- [Task details]: Return exactly the span that opens with the line containing "this 2000×1500 image." and closes with the final line of the records, both included.

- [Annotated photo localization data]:
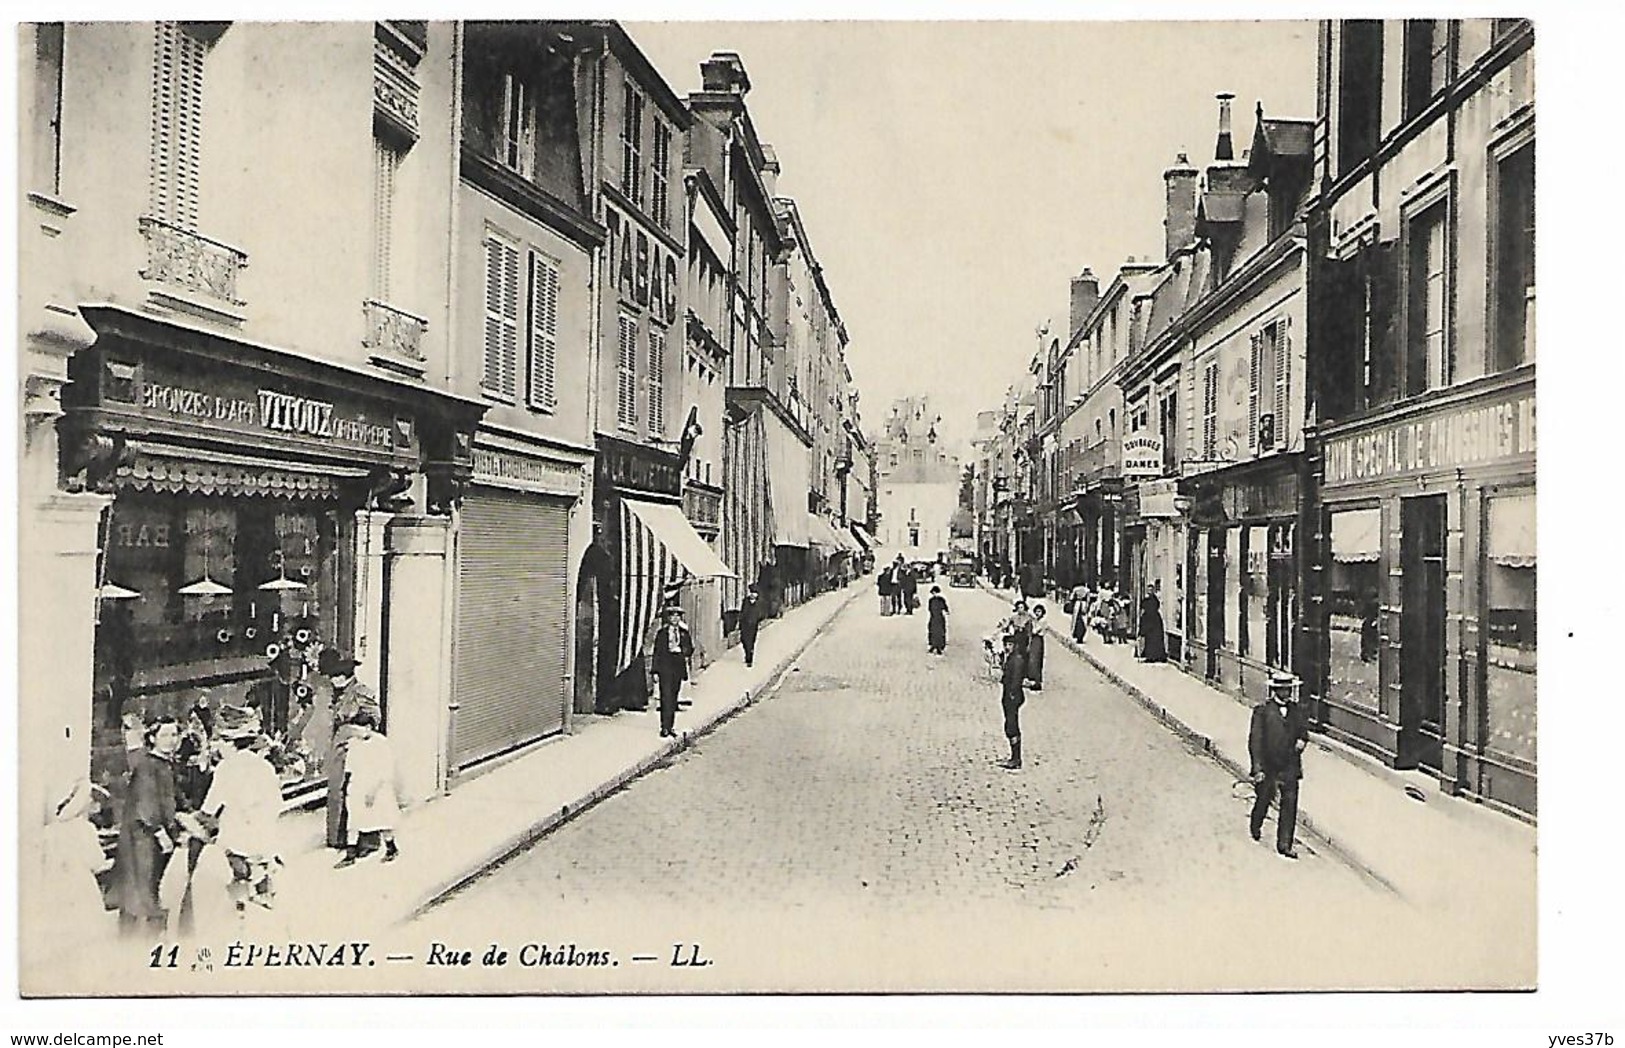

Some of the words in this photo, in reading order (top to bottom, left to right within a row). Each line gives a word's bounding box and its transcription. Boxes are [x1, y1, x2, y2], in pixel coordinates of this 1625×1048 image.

[605, 204, 677, 326] TABAC
[142, 383, 212, 418] BRONZES
[257, 389, 333, 437] VITOUX
[1126, 460, 1159, 468] DAMES
[149, 944, 181, 968] 11
[426, 943, 473, 967] Rue
[482, 944, 508, 967] de
[519, 944, 619, 967] Châlons.
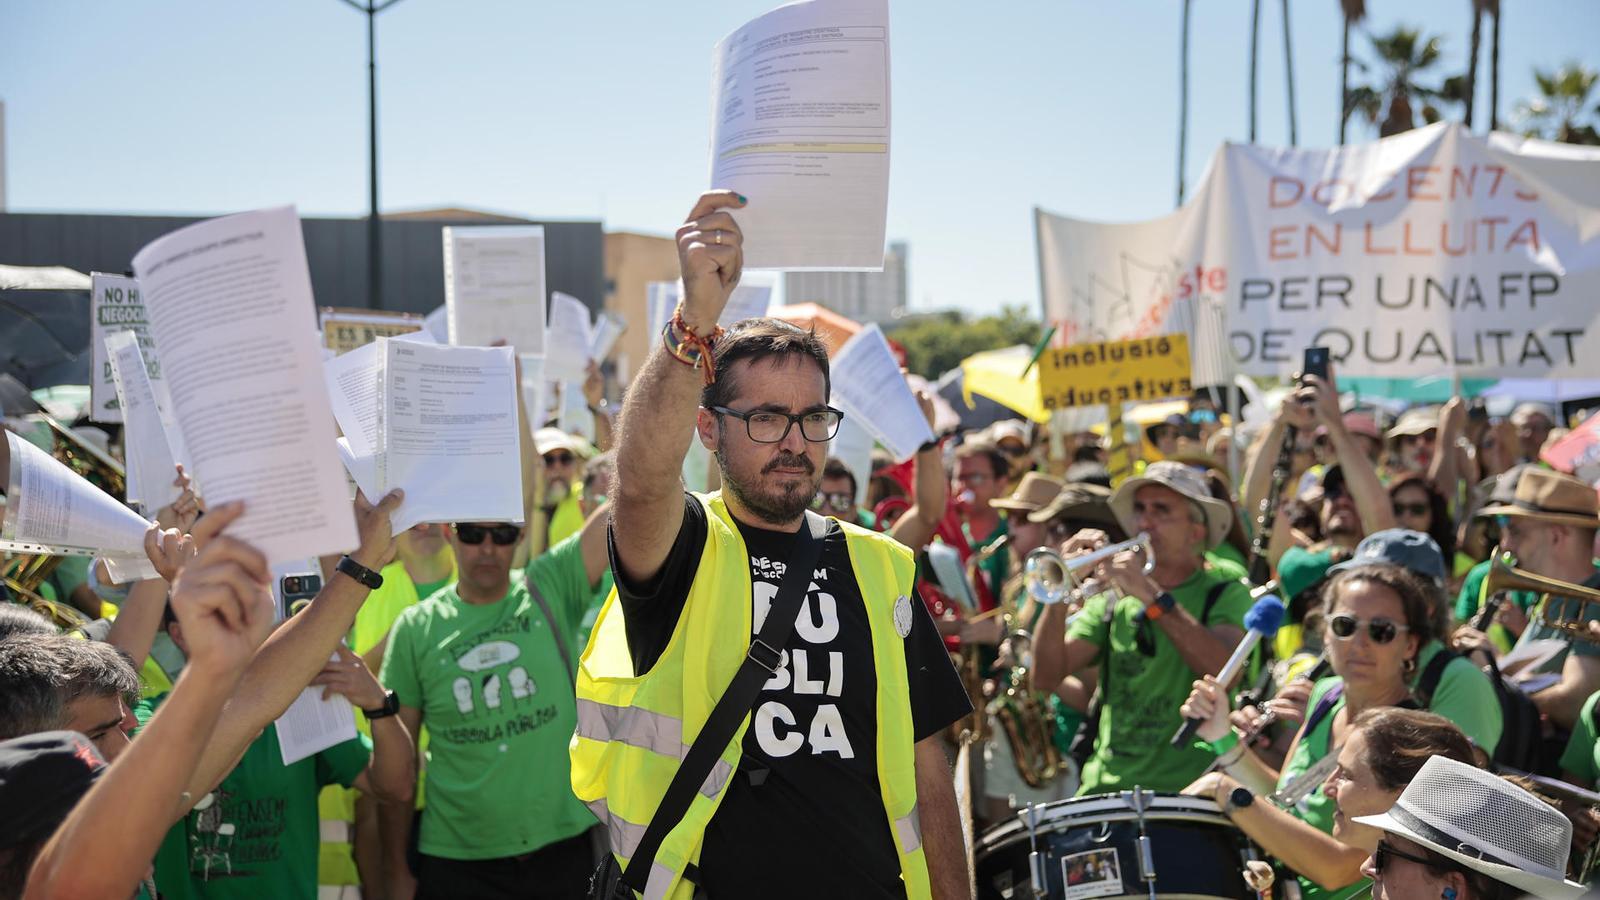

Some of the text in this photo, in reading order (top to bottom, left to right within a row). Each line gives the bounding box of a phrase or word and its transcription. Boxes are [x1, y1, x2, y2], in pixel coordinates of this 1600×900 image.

[1268, 214, 1541, 262] EN LLUITA
[104, 287, 123, 303] NO
[1239, 271, 1560, 311] PER UNA FP
[1230, 327, 1585, 366] DE QUALITAT
[755, 701, 855, 759] CA
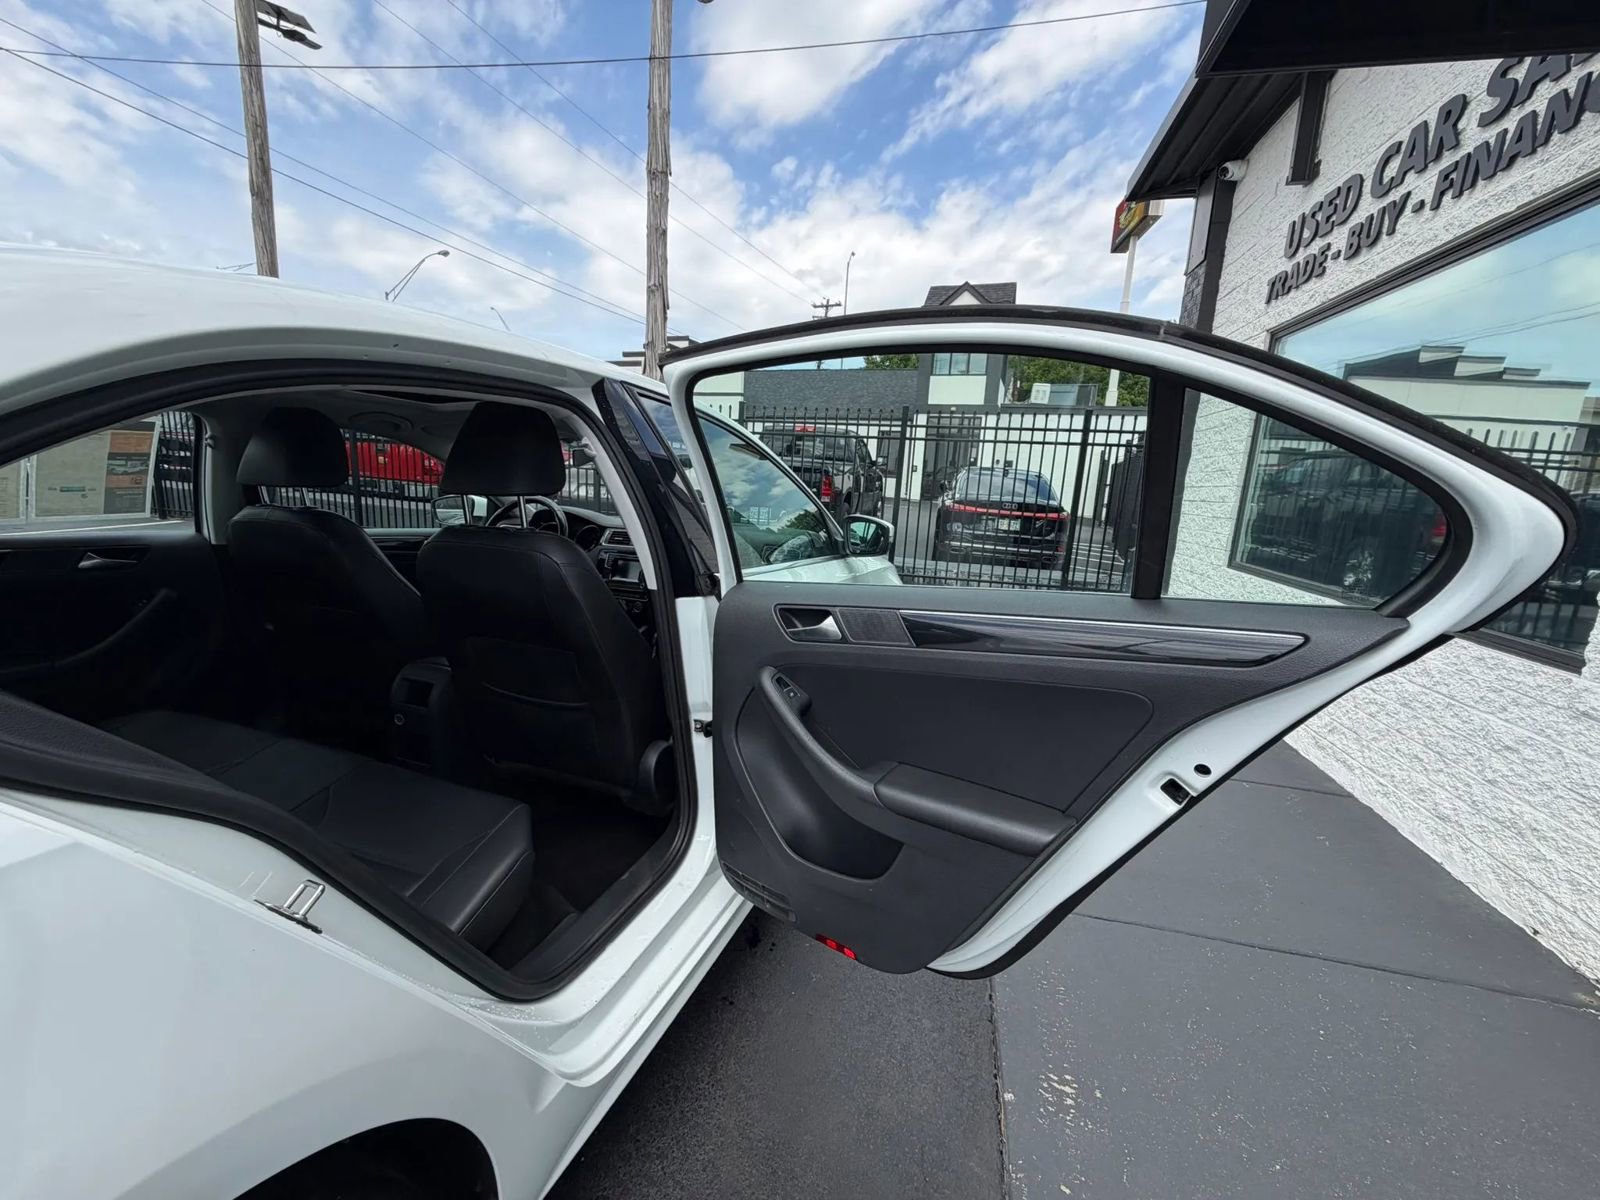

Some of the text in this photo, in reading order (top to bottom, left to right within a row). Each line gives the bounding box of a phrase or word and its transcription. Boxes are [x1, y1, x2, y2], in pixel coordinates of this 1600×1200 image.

[1284, 53, 1597, 259] USED CAR SA
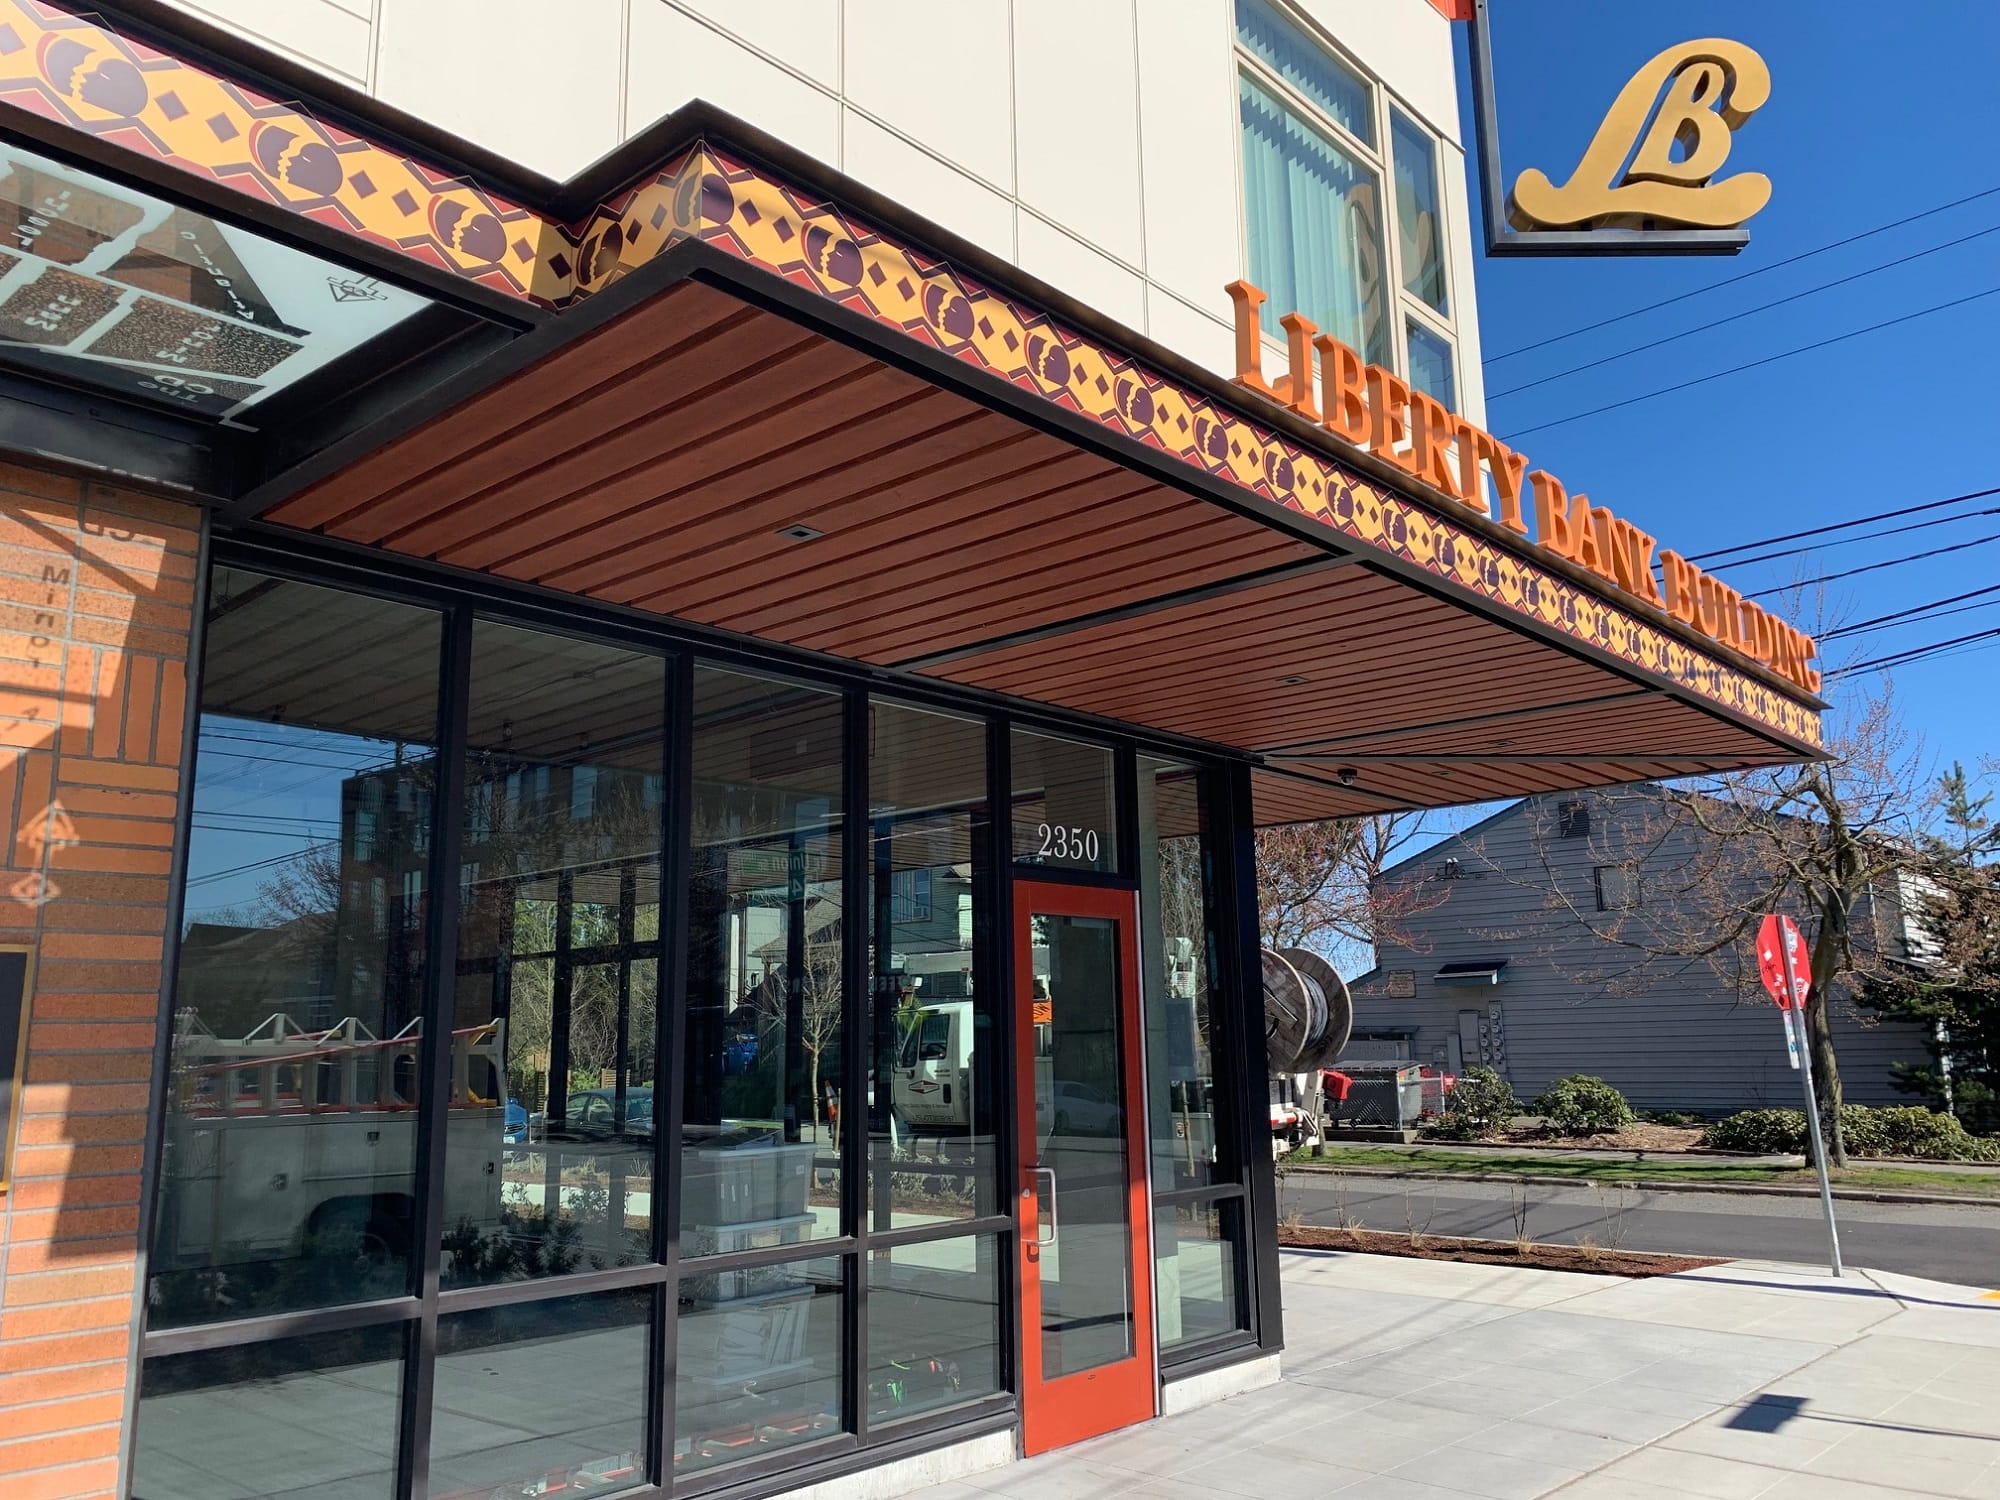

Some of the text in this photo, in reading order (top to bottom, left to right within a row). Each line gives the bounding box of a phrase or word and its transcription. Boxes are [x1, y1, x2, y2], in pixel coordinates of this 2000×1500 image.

[155, 325, 221, 363] Minor
[154, 375, 214, 395] CD
[1224, 279, 1821, 693] LIBERTY BANK BUILDING
[1038, 823, 1099, 862] 2350

- [Task response]:
Some of the text in this photo, in reading order (top to bottom, left to right within a row). Each line gives the bounding box of a phrase or word and its transcription. Boxes are [x1, y1, x2, y2], in pixel coordinates of this 2000×1500 image.

[155, 325, 221, 363] Minor
[154, 375, 214, 395] CD
[1224, 279, 1821, 693] LIBERTY BANK BUILDING
[1038, 823, 1099, 862] 2350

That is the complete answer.